I think he started to become disillusioned with Titoism when the "Korčula Summer School" was banned, when the publication of the philosophical magazine "Praxis" was suspended, and when eight professors in Belgrade were deprived of the right to work at the University of Belgrade. When I asked him if that was the case, he wrote to me that for him "Belgrade is inextricably linked with one dream" and that for that reason it might be better to "keep a geographical and political distance", because that city and everything it meant would could turn out to be "too far from my former dream of the holy trinity - socialism, self-management and non-alignment...".
USSR UNDER THE SCENE: I admired how he managed to follow the events in the Soviet Union without even being allowed to come close to its borders for decades. I learned a lot when he explained to me how he made some timely conclusions based only on clues. I am giving examples.

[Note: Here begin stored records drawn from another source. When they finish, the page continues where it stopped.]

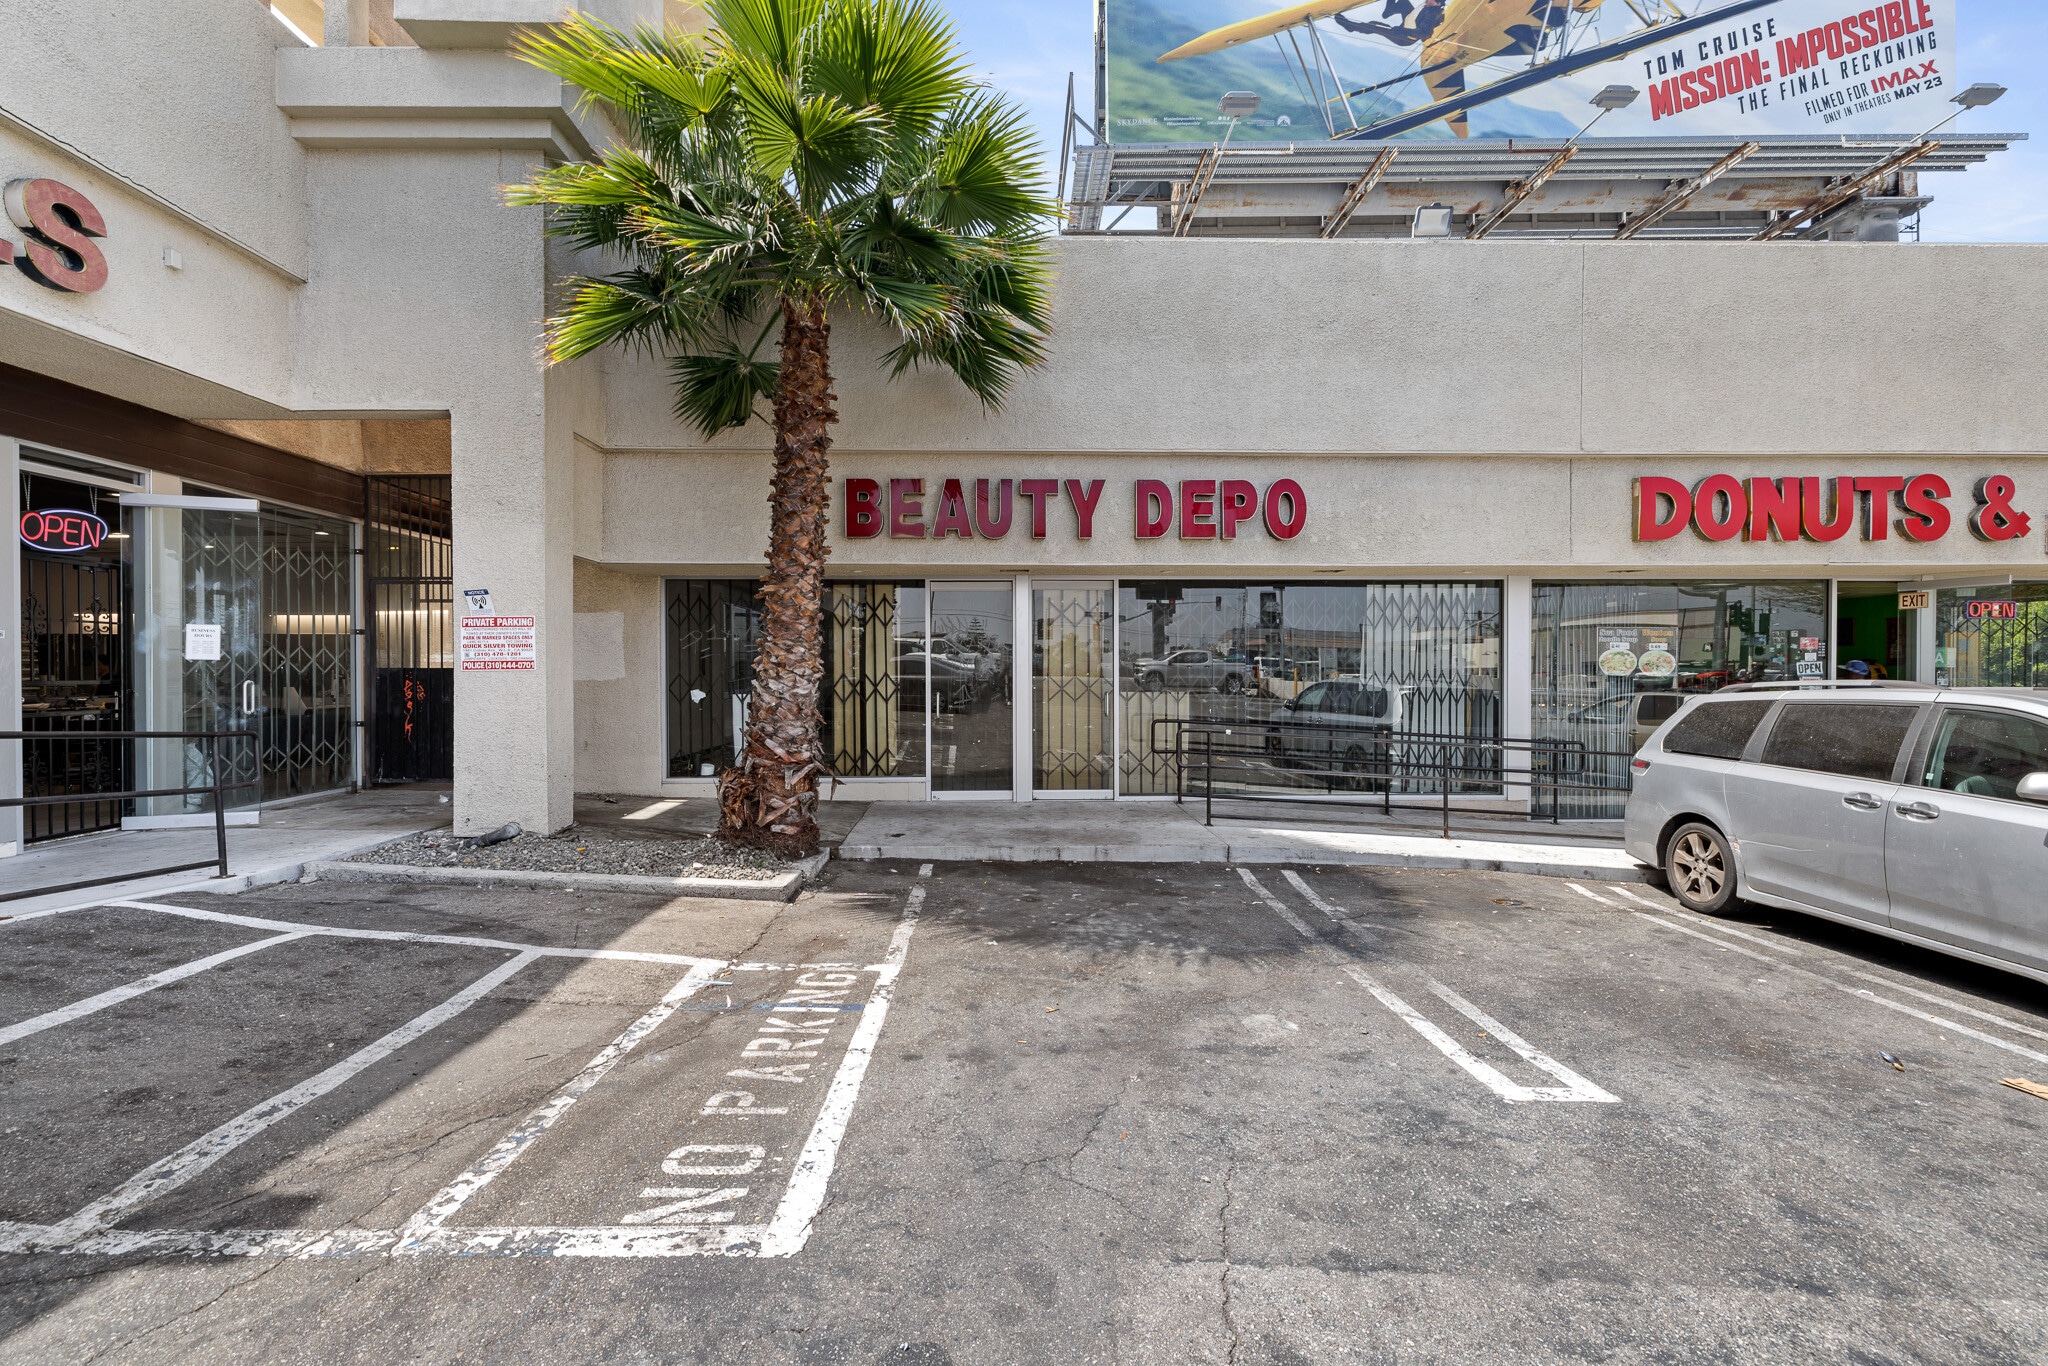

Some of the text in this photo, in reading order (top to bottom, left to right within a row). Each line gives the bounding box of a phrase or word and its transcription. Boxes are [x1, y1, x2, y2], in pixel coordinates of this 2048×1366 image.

[1643, 17, 1777, 80] TOM CRUISE
[1648, 0, 1934, 122] MISSION: IMPOSSIBLE
[1737, 31, 1937, 115] THE FINAL RECKONING
[1804, 59, 1940, 116] FILMED FOR IMAX
[1823, 75, 1943, 124] ONLY IN THEATRES MAY 23
[1117, 117, 1158, 126] SKYDANCE
[20, 511, 101, 548] OPEN
[844, 477, 1308, 541] BEAUTY DEPO
[1632, 472, 1952, 543] DONUTS
[1967, 474, 2032, 542] &
[463, 618, 533, 626] PRIVATE PARKING
[1901, 594, 1926, 607] EXIT
[1969, 602, 2015, 618] OPEN
[1797, 662, 1822, 674] OPEN
[1934, 652, 1945, 664] A
[619, 971, 858, 1225] NO PARKING

In an article in the party organ "Pravda" dated June 10, 1953, Malenkov, Molotov and Beria are mentioned as "prominent leaders of the Soviet Union". A week later, on June 18, the newspaper "Pravda Ukraina" publishes an article by the supreme state prosecutor of the USSR Safonov, in which he strongly criticizes the "illegality and arbitrariness" of some associates of the "state apparatus" who should be "unmasked". On June 25, the press reports on the premiere of the opera "The Decembrists" at the Bolshoi Theater in Moscow and states that it was attended by "Malyenkov, Molotov, Voroshilov, Khrushchev and Bulganin." They do not mention Beria. Based on that, Leonhard concluded and announced that Beria was dismissed after June 10, but before June 25. Only on August 9 will it be publicly announced that Beria was relieved of all his duties and arrested, and later executed. Leonhard especially carefully followed the only available public reports in the newspapers, predicting the downfall of the then all-powerful head of the Soviet secret service six weeks in advance.

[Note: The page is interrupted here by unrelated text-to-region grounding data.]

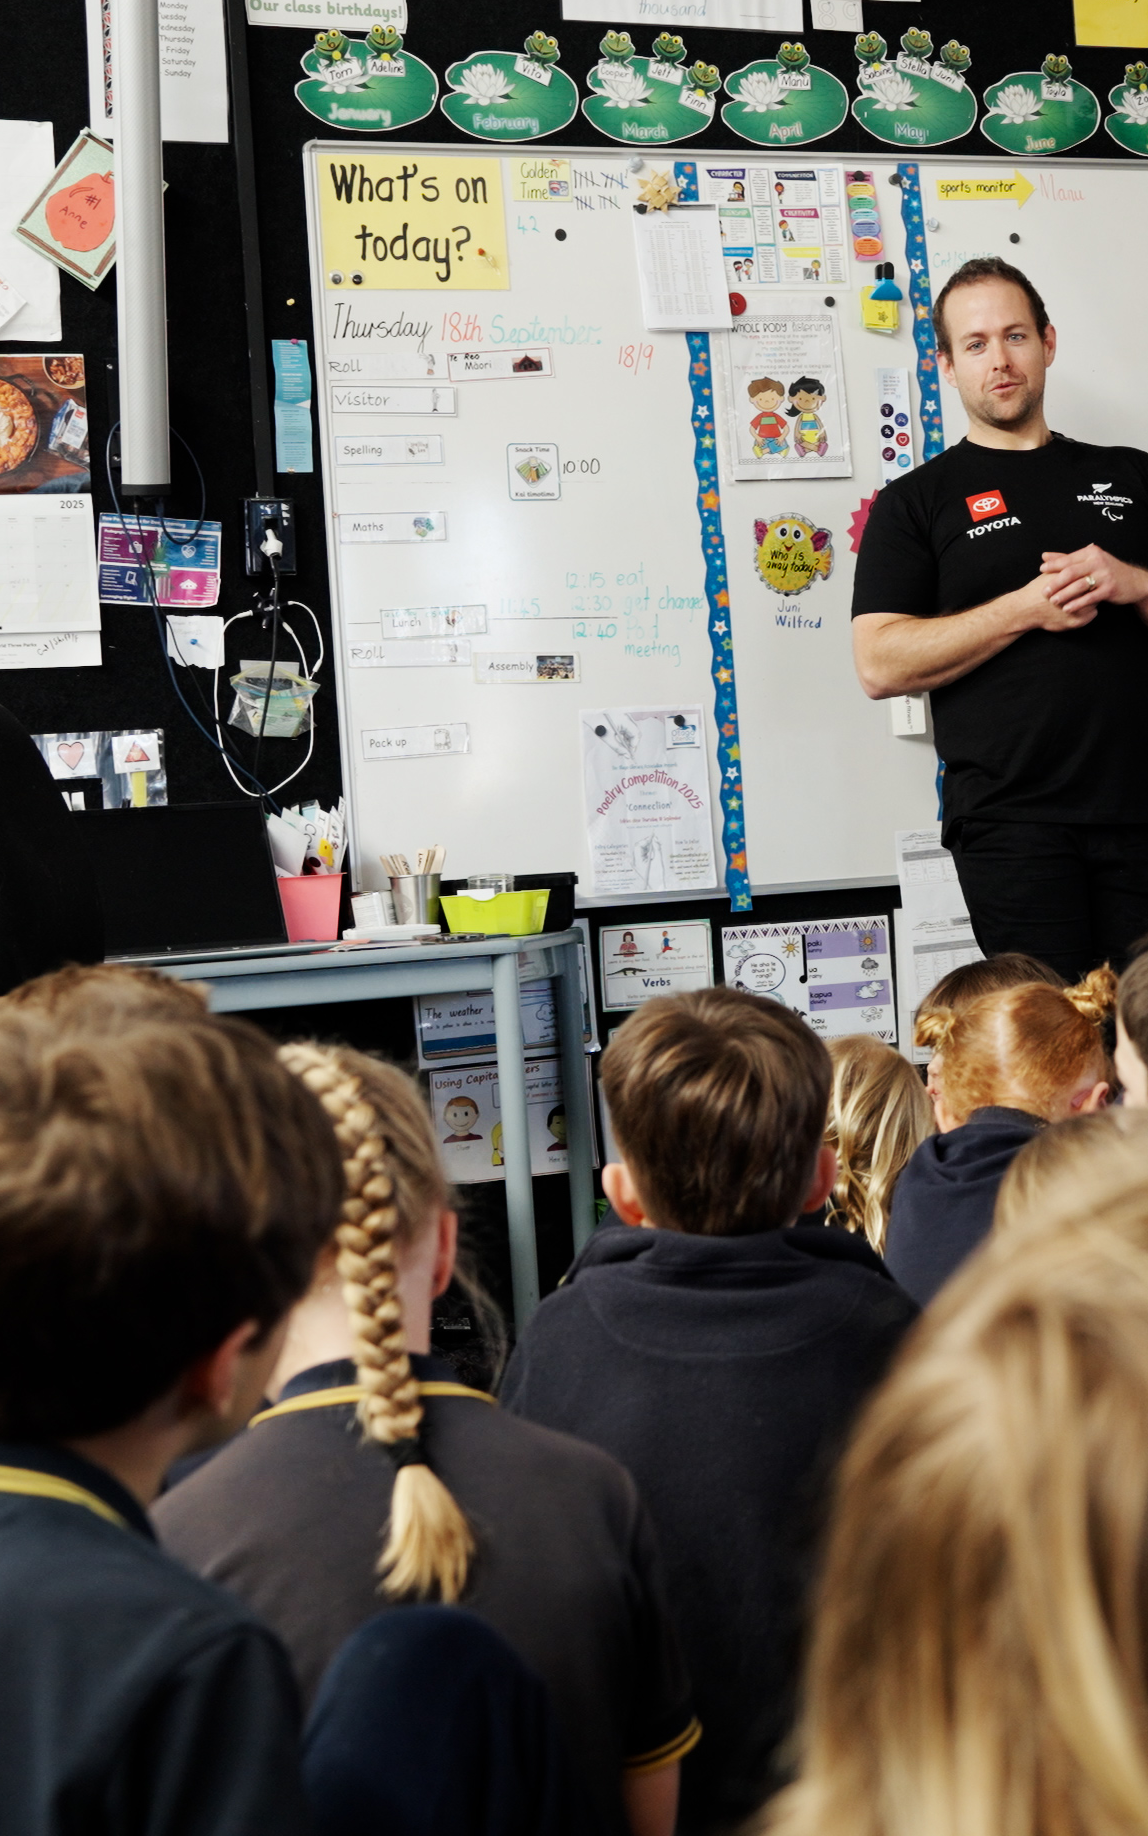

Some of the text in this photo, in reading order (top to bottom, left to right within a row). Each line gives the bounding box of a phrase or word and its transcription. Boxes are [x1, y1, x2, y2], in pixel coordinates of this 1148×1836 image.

[160, 2, 188, 11] Monday
[250, 0, 403, 22] Our class birthdays!
[638, 0, 707, 17] thousand
[166, 46, 190, 56] Friday
[162, 57, 196, 68] Saturday
[370, 61, 404, 75] Adeline
[900, 58, 928, 77] Stella
[164, 69, 192, 79] Sunday
[600, 66, 630, 80] Cooper
[864, 66, 893, 81] Sabine
[781, 75, 809, 88] Manu
[684, 93, 708, 110] Finn
[328, 103, 391, 126] January
[473, 114, 539, 134] February
[622, 123, 669, 140] March
[769, 122, 803, 142] April
[895, 123, 926, 142] May
[1025, 136, 1056, 153] June
[520, 162, 558, 180] Golden
[330, 163, 488, 204] What's on
[940, 182, 1016, 198] sports monitor
[1039, 174, 1086, 201] Manu
[59, 205, 88, 230] Anne
[516, 215, 541, 235] 42
[354, 222, 472, 283] today?
[332, 302, 433, 353] Thursday
[441, 311, 484, 343] 18th
[763, 322, 787, 333] BODY
[792, 322, 831, 334] listening
[463, 352, 480, 361] Reo
[617, 342, 654, 376] 18/9
[328, 360, 363, 373] Roll
[334, 391, 390, 407] Visitor
[344, 445, 383, 457] Spelling
[562, 458, 601, 475] 10:00
[60, 500, 85, 509] 2025
[1076, 495, 1133, 505] PARALYMPICS
[352, 522, 384, 532] Maths
[966, 516, 1022, 539] TOYOTA
[770, 550, 804, 561] Who is
[565, 561, 645, 590] 12:15 eat
[766, 558, 820, 578] away today?
[622, 587, 650, 615] get
[777, 599, 801, 613] Juni
[392, 617, 422, 628] Lunch
[775, 615, 822, 629] Wilfred
[572, 622, 618, 639] 12:40
[351, 645, 386, 659] Roll
[624, 641, 681, 667] meeting
[488, 660, 534, 673] Assembly
[369, 738, 407, 750] Pack up
[621, 769, 679, 790] Competition
[678, 784, 704, 809] 2025
[642, 977, 671, 988] Verbs
[810, 991, 832, 999] kapua
[425, 1005, 484, 1019] The weather
[435, 1072, 499, 1090] Using Capita

Another example: At the XX Congress of the Party in the USSR, which was held from December 21, 1955 to February 3, 1956, for the first time Stalin was not only publicly criticized, but Khrushchev in his secret speech accused him of numerous crimes. Leonhard established this in advance based on the following observation: Bulganin celebrated his sixtieth birthday on June 10, and Mikoyan on November 24, 1955. On that occasion, in the press they were called "loyal disciples of Lenin and comrades of Stalin". On the birthday of the late Stalin, December 21, he is still hailed as "the greatest leader." After that, his name did not appear in the press anymore. When Voroshilov celebrated his seventieth birthday on February 3, 1956, he was called a "faithful disciple of the great Lenin" in the newspapers, and Stalin was not mentioned. Based on this, Leonhard knew that the XX Congress had broken with Stalin long before it was announced.
Those two examples prove that for assessing the situation and development in the country, which is otherwise inaccessible, analytics is more important and usually more successful than the often unreliable reports of intelligence officers, who can be double agents, provocateurs, or simply naively fall for rumours, which would be said, spinning.